→ **WORK ITEM**
Reproduce each entry below verbatim.

→ **SUPPLIED INFORMATION**
============================================================

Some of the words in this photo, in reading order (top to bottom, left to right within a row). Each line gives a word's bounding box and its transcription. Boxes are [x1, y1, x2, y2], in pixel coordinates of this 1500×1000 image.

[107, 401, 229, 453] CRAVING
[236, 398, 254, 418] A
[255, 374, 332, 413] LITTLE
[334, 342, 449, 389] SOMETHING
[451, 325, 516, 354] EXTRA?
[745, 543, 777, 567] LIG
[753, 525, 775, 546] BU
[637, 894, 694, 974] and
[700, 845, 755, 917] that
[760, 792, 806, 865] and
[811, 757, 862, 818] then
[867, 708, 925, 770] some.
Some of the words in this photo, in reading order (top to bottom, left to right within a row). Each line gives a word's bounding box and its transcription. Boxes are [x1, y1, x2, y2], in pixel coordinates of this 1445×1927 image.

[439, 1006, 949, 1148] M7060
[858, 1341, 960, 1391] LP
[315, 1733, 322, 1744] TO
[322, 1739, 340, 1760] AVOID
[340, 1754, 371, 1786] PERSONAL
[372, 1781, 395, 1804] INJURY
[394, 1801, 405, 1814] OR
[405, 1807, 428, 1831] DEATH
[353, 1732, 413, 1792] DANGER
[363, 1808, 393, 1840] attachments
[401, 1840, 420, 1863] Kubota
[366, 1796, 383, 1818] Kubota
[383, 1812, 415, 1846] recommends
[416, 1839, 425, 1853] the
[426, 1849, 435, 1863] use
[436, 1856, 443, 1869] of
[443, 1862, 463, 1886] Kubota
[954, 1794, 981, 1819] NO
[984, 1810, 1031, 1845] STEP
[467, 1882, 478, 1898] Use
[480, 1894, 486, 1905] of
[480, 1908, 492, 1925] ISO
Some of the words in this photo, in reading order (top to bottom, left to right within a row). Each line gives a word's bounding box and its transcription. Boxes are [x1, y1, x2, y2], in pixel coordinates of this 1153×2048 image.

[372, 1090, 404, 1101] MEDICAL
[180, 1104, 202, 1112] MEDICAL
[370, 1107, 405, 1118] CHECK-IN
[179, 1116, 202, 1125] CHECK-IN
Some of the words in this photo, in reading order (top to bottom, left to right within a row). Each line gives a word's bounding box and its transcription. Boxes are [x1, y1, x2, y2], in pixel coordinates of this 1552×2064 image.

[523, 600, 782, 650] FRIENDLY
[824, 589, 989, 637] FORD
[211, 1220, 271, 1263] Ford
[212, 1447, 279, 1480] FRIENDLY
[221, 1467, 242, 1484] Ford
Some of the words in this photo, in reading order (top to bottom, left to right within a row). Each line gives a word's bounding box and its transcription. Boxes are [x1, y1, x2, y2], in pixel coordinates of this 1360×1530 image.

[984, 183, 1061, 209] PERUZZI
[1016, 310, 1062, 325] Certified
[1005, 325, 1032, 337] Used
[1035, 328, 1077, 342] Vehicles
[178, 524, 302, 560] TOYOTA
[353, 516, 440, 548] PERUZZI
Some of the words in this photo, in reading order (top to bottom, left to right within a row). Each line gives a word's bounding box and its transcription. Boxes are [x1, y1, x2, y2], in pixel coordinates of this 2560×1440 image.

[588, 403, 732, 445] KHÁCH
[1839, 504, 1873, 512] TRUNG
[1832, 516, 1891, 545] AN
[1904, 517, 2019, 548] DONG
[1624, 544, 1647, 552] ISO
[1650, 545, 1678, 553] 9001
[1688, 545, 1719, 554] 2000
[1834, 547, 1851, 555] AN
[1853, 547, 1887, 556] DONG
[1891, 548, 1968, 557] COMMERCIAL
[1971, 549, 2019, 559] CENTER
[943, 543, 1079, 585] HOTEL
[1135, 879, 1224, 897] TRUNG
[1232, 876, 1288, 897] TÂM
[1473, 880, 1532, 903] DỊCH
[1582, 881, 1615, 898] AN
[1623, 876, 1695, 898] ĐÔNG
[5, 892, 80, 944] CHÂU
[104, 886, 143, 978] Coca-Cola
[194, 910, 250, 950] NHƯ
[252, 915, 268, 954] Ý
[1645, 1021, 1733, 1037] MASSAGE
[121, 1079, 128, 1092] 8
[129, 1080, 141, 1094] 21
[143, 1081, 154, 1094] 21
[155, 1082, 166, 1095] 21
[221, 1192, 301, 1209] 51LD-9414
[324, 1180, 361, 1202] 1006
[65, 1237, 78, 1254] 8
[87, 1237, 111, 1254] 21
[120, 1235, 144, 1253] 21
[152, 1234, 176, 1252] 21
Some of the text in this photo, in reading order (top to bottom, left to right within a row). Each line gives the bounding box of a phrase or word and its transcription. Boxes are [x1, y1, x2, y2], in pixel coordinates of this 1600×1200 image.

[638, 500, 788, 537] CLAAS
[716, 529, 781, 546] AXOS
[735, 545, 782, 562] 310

============================================================

→ **YOUR RESPONSE**
Some of the words in this photo, in reading order (top to bottom, left to right within a row). Each line gives a word's bounding box and its transcription. Boxes are [x1, y1, x2, y2], in pixel coordinates of this 1500×1000 image.

[107, 401, 229, 453] CRAVING
[236, 398, 254, 418] A
[255, 374, 332, 413] LITTLE
[334, 342, 449, 389] SOMETHING
[451, 325, 516, 354] EXTRA?
[745, 543, 777, 567] LIG
[753, 525, 775, 546] BU
[637, 894, 694, 974] and
[700, 845, 755, 917] that
[760, 792, 806, 865] and
[811, 757, 862, 818] then
[867, 708, 925, 770] some.
Some of the words in this photo, in reading order (top to bottom, left to right within a row). Each line gives a word's bounding box and its transcription. Boxes are [x1, y1, x2, y2], in pixel coordinates of this 1445×1927 image.

[439, 1006, 949, 1148] M7060
[858, 1341, 960, 1391] LP
[315, 1733, 322, 1744] TO
[322, 1739, 340, 1760] AVOID
[340, 1754, 371, 1786] PERSONAL
[372, 1781, 395, 1804] INJURY
[394, 1801, 405, 1814] OR
[405, 1807, 428, 1831] DEATH
[353, 1732, 413, 1792] DANGER
[363, 1808, 393, 1840] attachments
[401, 1840, 420, 1863] Kubota
[366, 1796, 383, 1818] Kubota
[383, 1812, 415, 1846] recommends
[416, 1839, 425, 1853] the
[426, 1849, 435, 1863] use
[436, 1856, 443, 1869] of
[443, 1862, 463, 1886] Kubota
[954, 1794, 981, 1819] NO
[984, 1810, 1031, 1845] STEP
[467, 1882, 478, 1898] Use
[480, 1894, 486, 1905] of
[480, 1908, 492, 1925] ISO
Some of the words in this photo, in reading order (top to bottom, left to right within a row). Each line gives a word's bounding box and its transcription. Boxes are [x1, y1, x2, y2], in pixel coordinates of this 1153×2048 image.

[372, 1090, 404, 1101] MEDICAL
[180, 1104, 202, 1112] MEDICAL
[370, 1107, 405, 1118] CHECK-IN
[179, 1116, 202, 1125] CHECK-IN
Some of the words in this photo, in reading order (top to bottom, left to right within a row). Each line gives a word's bounding box and its transcription. Boxes are [x1, y1, x2, y2], in pixel coordinates of this 1552×2064 image.

[523, 600, 782, 650] FRIENDLY
[824, 589, 989, 637] FORD
[211, 1220, 271, 1263] Ford
[212, 1447, 279, 1480] FRIENDLY
[221, 1467, 242, 1484] Ford
Some of the words in this photo, in reading order (top to bottom, left to right within a row). Each line gives a word's bounding box and its transcription. Boxes are [x1, y1, x2, y2], in pixel coordinates of this 1360×1530 image.

[984, 183, 1061, 209] PERUZZI
[1016, 310, 1062, 325] Certified
[1005, 325, 1032, 337] Used
[1035, 328, 1077, 342] Vehicles
[178, 524, 302, 560] TOYOTA
[353, 516, 440, 548] PERUZZI
Some of the words in this photo, in reading order (top to bottom, left to right within a row). Each line gives a word's bounding box and its transcription. Boxes are [x1, y1, x2, y2], in pixel coordinates of this 2560×1440 image.

[588, 403, 732, 445] KHÁCH
[1839, 504, 1873, 512] TRUNG
[1832, 516, 1891, 545] AN
[1904, 517, 2019, 548] DONG
[1624, 544, 1647, 552] ISO
[1650, 545, 1678, 553] 9001
[1688, 545, 1719, 554] 2000
[1834, 547, 1851, 555] AN
[1853, 547, 1887, 556] DONG
[1891, 548, 1968, 557] COMMERCIAL
[1971, 549, 2019, 559] CENTER
[943, 543, 1079, 585] HOTEL
[1135, 879, 1224, 897] TRUNG
[1232, 876, 1288, 897] TÂM
[1473, 880, 1532, 903] DỊCH
[1582, 881, 1615, 898] AN
[1623, 876, 1695, 898] ĐÔNG
[5, 892, 80, 944] CHÂU
[104, 886, 143, 978] Coca-Cola
[194, 910, 250, 950] NHƯ
[252, 915, 268, 954] Ý
[1645, 1021, 1733, 1037] MASSAGE
[121, 1079, 128, 1092] 8
[129, 1080, 141, 1094] 21
[143, 1081, 154, 1094] 21
[155, 1082, 166, 1095] 21
[221, 1192, 301, 1209] 51LD-9414
[324, 1180, 361, 1202] 1006
[65, 1237, 78, 1254] 8
[87, 1237, 111, 1254] 21
[120, 1235, 144, 1253] 21
[152, 1234, 176, 1252] 21
Some of the text in this photo, in reading order (top to bottom, left to right within a row). Each line gives the bounding box of a phrase or word and its transcription. Boxes are [x1, y1, x2, y2], in pixel coordinates of this 1600×1200 image.

[638, 500, 788, 537] CLAAS
[716, 529, 781, 546] AXOS
[735, 545, 782, 562] 310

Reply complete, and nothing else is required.